HTML Mastery (Book review)
The target audience for Paul Haine’s HTML Mastery is mainly Web designers who know the basics of HTML, but are unsure of how to use it to mark up documents in a structured, valid, and semantic way. That target audience is very well catered to in the book. Paul does a very good job of explaining most of the elements and attributes available in HTML, so reading this book will definitely give you a much better understanding of the language and how to use it in a modern way as opposed to the old school ways of the 1990’s.
Paul also brings up related subjects, such as Microformats, RDF, XHTML 2, Web Applications 1.0 (HTML 5), and “real” XHTML, i.e. XHTML served with the MIME type
application/xhtml+xml. Those topics are explained well and make the book a worthwile read for people who have already progressed beyond the “using HTML for layout” stage.
The book is well-written, with just the right amount of humour to make you smile occasionally, and I can’t say I really disagree with anything.

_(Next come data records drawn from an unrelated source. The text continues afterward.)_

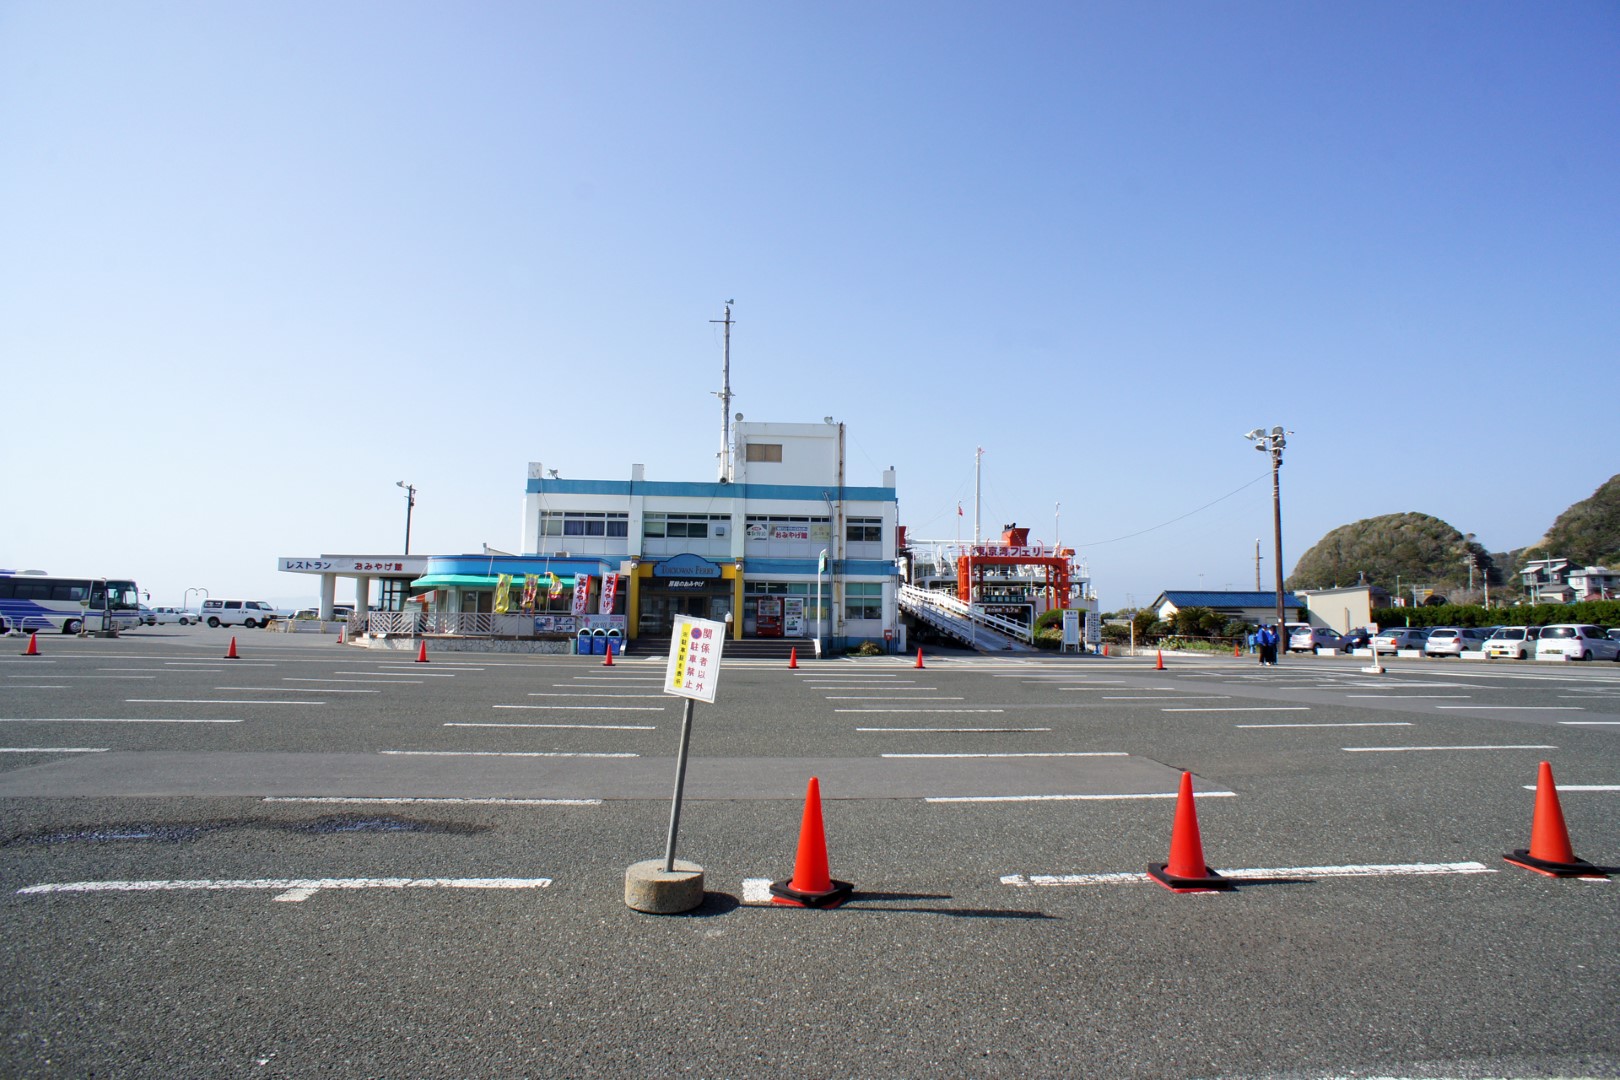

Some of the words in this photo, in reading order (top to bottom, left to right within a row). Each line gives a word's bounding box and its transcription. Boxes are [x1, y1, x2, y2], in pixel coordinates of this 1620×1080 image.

[976, 546, 1053, 557] 東京湾フェリー
[286, 561, 332, 570] レストラン
[354, 562, 403, 571] おみやげ館
[684, 641, 699, 689] 駐車禁止
[695, 628, 713, 692] 関係者以外
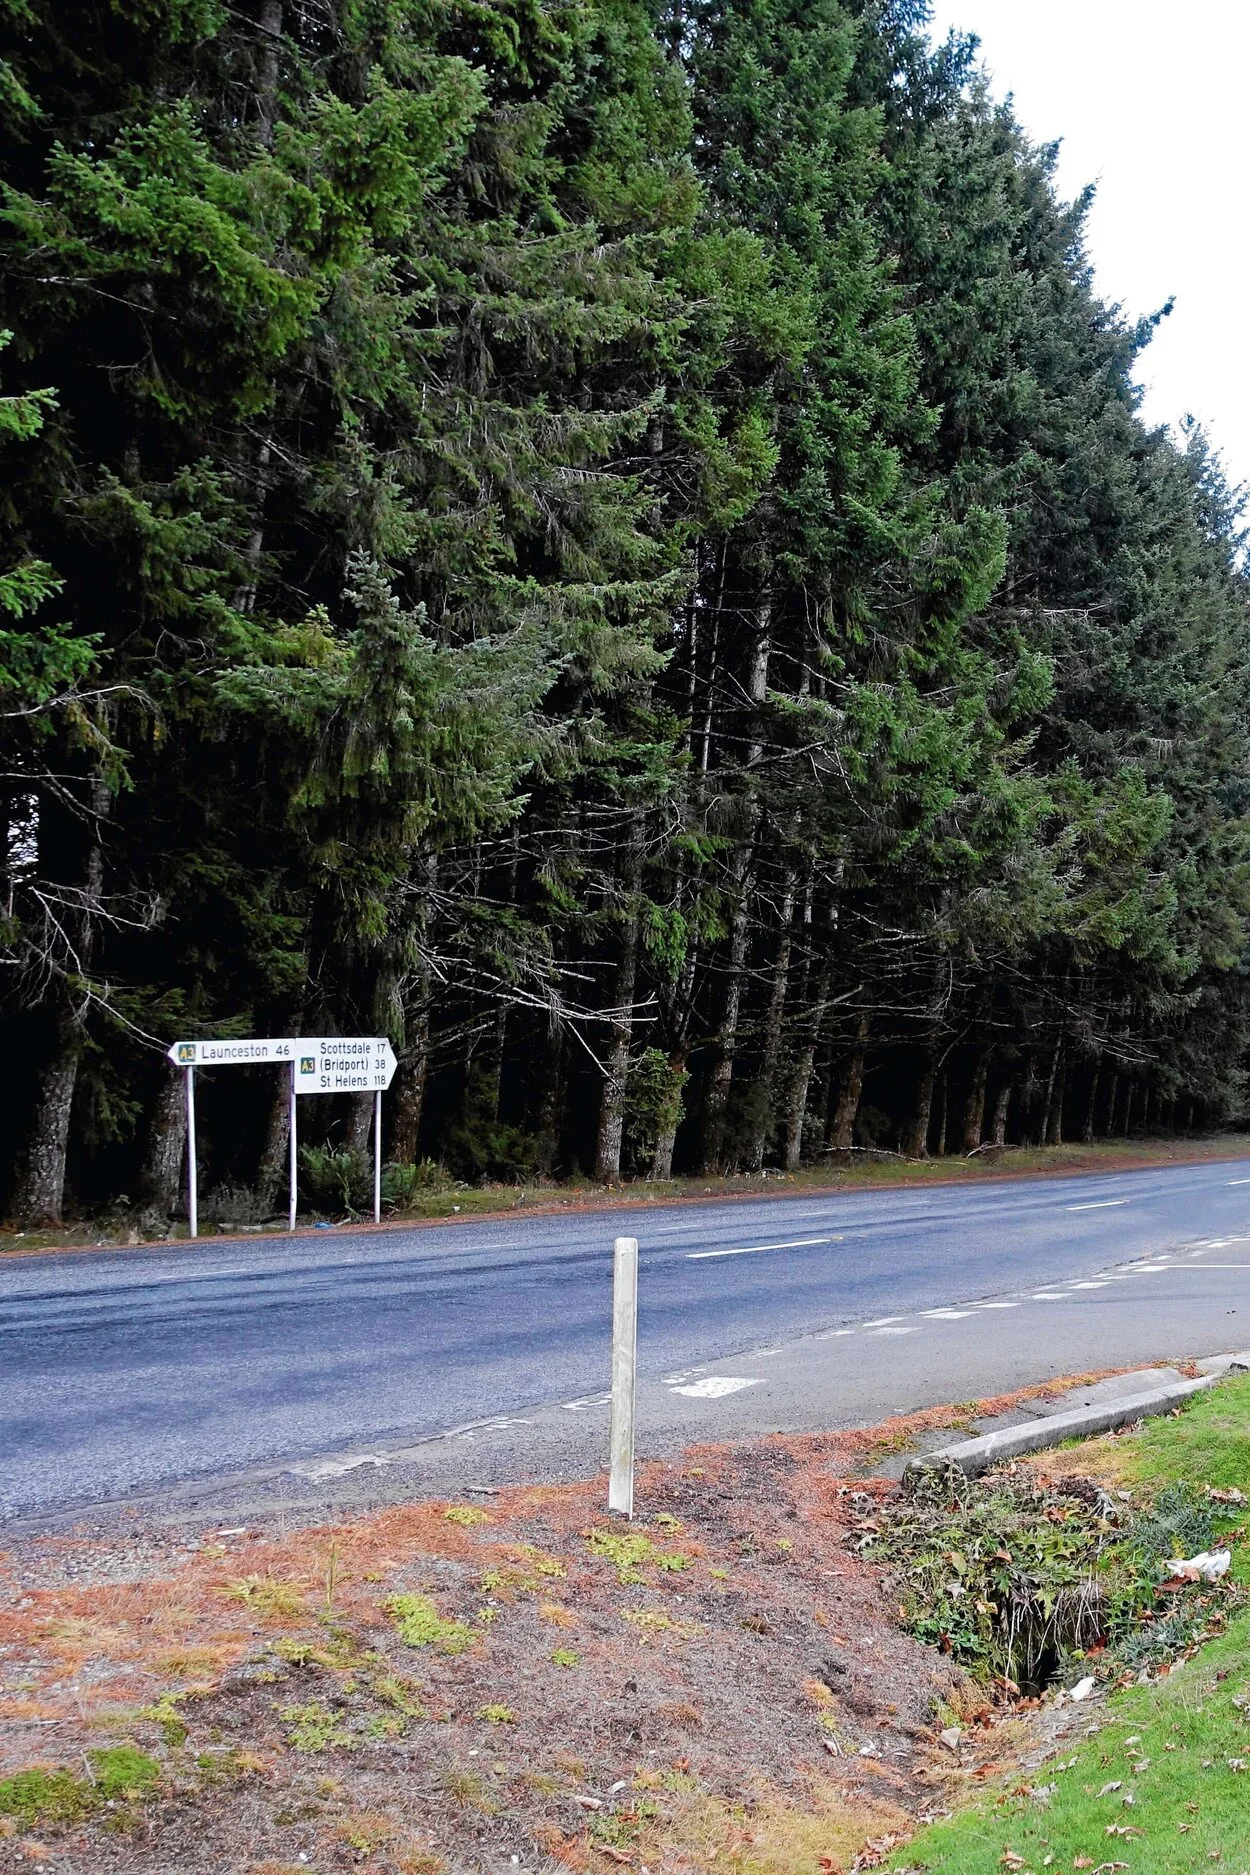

I may be a little nitpicky here, but I find it a little ironic that after carefully explaining the difference between elements, tags, and attributes at the very start of the book, Paul himself calls elements tags at times. Some parts of the book contain less of it, others more. Having a bit of OCD about HTML terminology, it made me momentarily stop for a moment each time I saw the word “tag”. But that’s just me ;-). Oh, one more little thing: in a definition list, each set of
dd elements can contain one or more of each.
Don’t mind my minor complaints though (hey, I had to find something). HTML Mastery is an excellent walkthrough of the available HTML elements and how (and when) to use each of them.